Thursday, February 25, 2016

Tip #6 See strength.

The Tip:
Too often, society depicts older adults as weak. I believe differently. I believe in their inherent strength and believe that they can help us find ours. Our storytelling group environment is built firmly upon the belief that older adults are our society’s leaders, not the other way around.

Same thing when you are approaching an older adult one-on-one. Try not to think of yourself as “helping” him or her. Try to consider how privileged you are to be in his or her presence, to be given access to the older adult’s hopes, fears, dreams. If you think this way, you will find yourself offering the older adult choices and freedom, you will find yourself backing off on instructions, you won’t feel the need to assign a story topic.

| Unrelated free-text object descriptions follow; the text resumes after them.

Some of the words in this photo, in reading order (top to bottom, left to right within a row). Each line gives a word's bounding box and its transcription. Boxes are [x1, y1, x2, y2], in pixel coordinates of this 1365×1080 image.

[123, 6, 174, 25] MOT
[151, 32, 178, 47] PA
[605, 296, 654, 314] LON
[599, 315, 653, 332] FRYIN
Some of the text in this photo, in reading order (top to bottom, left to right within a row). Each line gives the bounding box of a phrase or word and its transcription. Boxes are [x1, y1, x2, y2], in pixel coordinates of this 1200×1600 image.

When you look into the eyes of an older adult, don’t see someone weak, see someone strong. Change your perspective. When the older adult sees how much you believe in him or her, he or she will let loose and have fun around you, and suddenly skyrocket in happiness, strength, confidence.

The Moment I Learned This:

For my 32nd birthday, my buds in the storytelling group pulled off the surprise party of the century for me… so far. (So far, because every year after that, they kicked things up another notch for all my birthdays and even through me two baby showers – all of which, have been mega surprises ;)

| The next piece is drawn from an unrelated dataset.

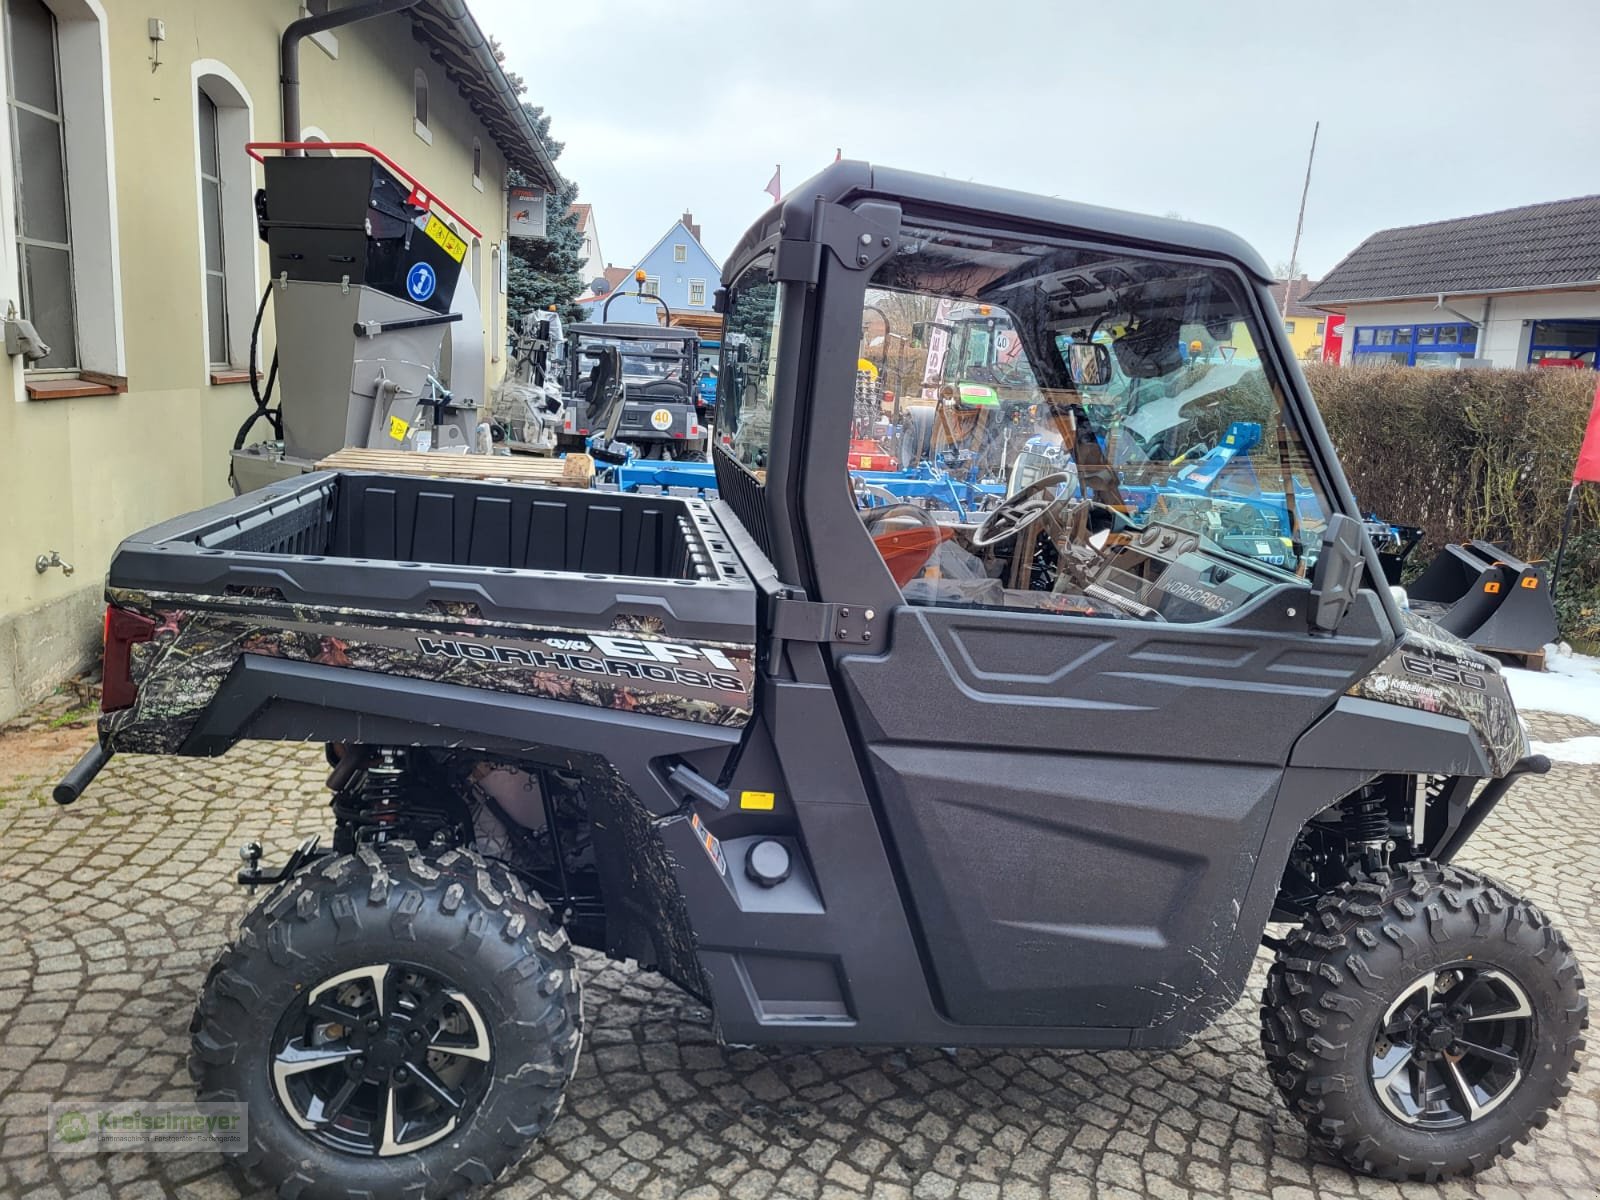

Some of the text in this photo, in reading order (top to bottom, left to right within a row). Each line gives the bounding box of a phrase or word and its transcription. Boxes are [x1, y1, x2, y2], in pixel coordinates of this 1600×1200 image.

My buds couldn’t contain their own excitement. When I walked into the room, they already began singing “Happy Birthday.” I looked that our writing table, and it was filled to the edges with cakes, sweets, drinks, and fried chicken.

The cake was huge, and the drinks were heavy. I couldn’t believe my buds had carried all that from the store to their homes, and from their homes to the senior center. Many of them walk with canes. Our room at the time was on the second floor at the far end of the building – which meant my buds had to haul all the weight down a series of long, narrow hallways, after getting off the elevator. Plus, when did they plan all of this and delegate tasks to themselves? That must have taken a lot of work! If they could pull this off, I knew they could pull off anything.

A whole sea of happy emotions washed over me as they sang. And most of all, I felt grateful, surprised and proud. And I realized those feelings weren’t just my feelings at that particular moment, but something I feel when I am with my older adults buds every week.

I started thinking about all the little things they do for the group every week… tasks that they have spontaneously delegated to themselves over time… how really, they run the group, not me… Beatrice coordinates the reading sequence and keeps track of time; Aileen makes sure the table is quiet during writing time so everyone can focus; Norman stays after the hour to make copies of the handwritings for everyone; Mo stays after to straighten out the room; Robert asks if anyone has a birthday that week, and if someone says yes, Joe leads us in singing a song; and all of them take turns walking Joe, who is blind, downstairs to help him catch the van after the session.

I started thinking back, to the first field trip I ever took them on, to Philadelphia’s NPR affiliate station WHYY. We were invited by the station to give a special presentation to their reporters and staff. I was so worried about all the logistics, like how my buds would get on and off our van. And they turned out totally fine, beyond fine. We had a blast presenting at a state-of-the-art conference room with a huge screen, and just as much of a blast singing goofy songs on the way there and back. Laughing and singing with everyone on the van, I wondered why I had worried so much, for so many weeks before the trip. I realized that they were capable of great things and all I needed to do was to let them be, and motivate them.

The seniors burst into Happy Birthday song mode 4 more times during the hour of my surprise party. One time Robert started it, giggling; one time Joe started it, with a jazzy vibe; one time Greta started it, laughing out loud. And one time, just everyone, somehow, altogether, spontaneously, at the same time.

A Story to Help Remember the Moment:

Beatrice Newkirk


Our Writing Teacher

Our writing teacher’s birthday was last week. She went away so we had to have something for her this week. She is a good person. We love having her for our teacher. We have learned so much from her and she is learning a lot from us. Everyone in this class enjoys her. We all hope she has lots more birthdays to come. We want her to know we really love her. We all look forward to seeing her every Thursday from one o’clock until two. Madi (our teacher’s teen intern) has been helping out a lot. We love her too. We all love to work together.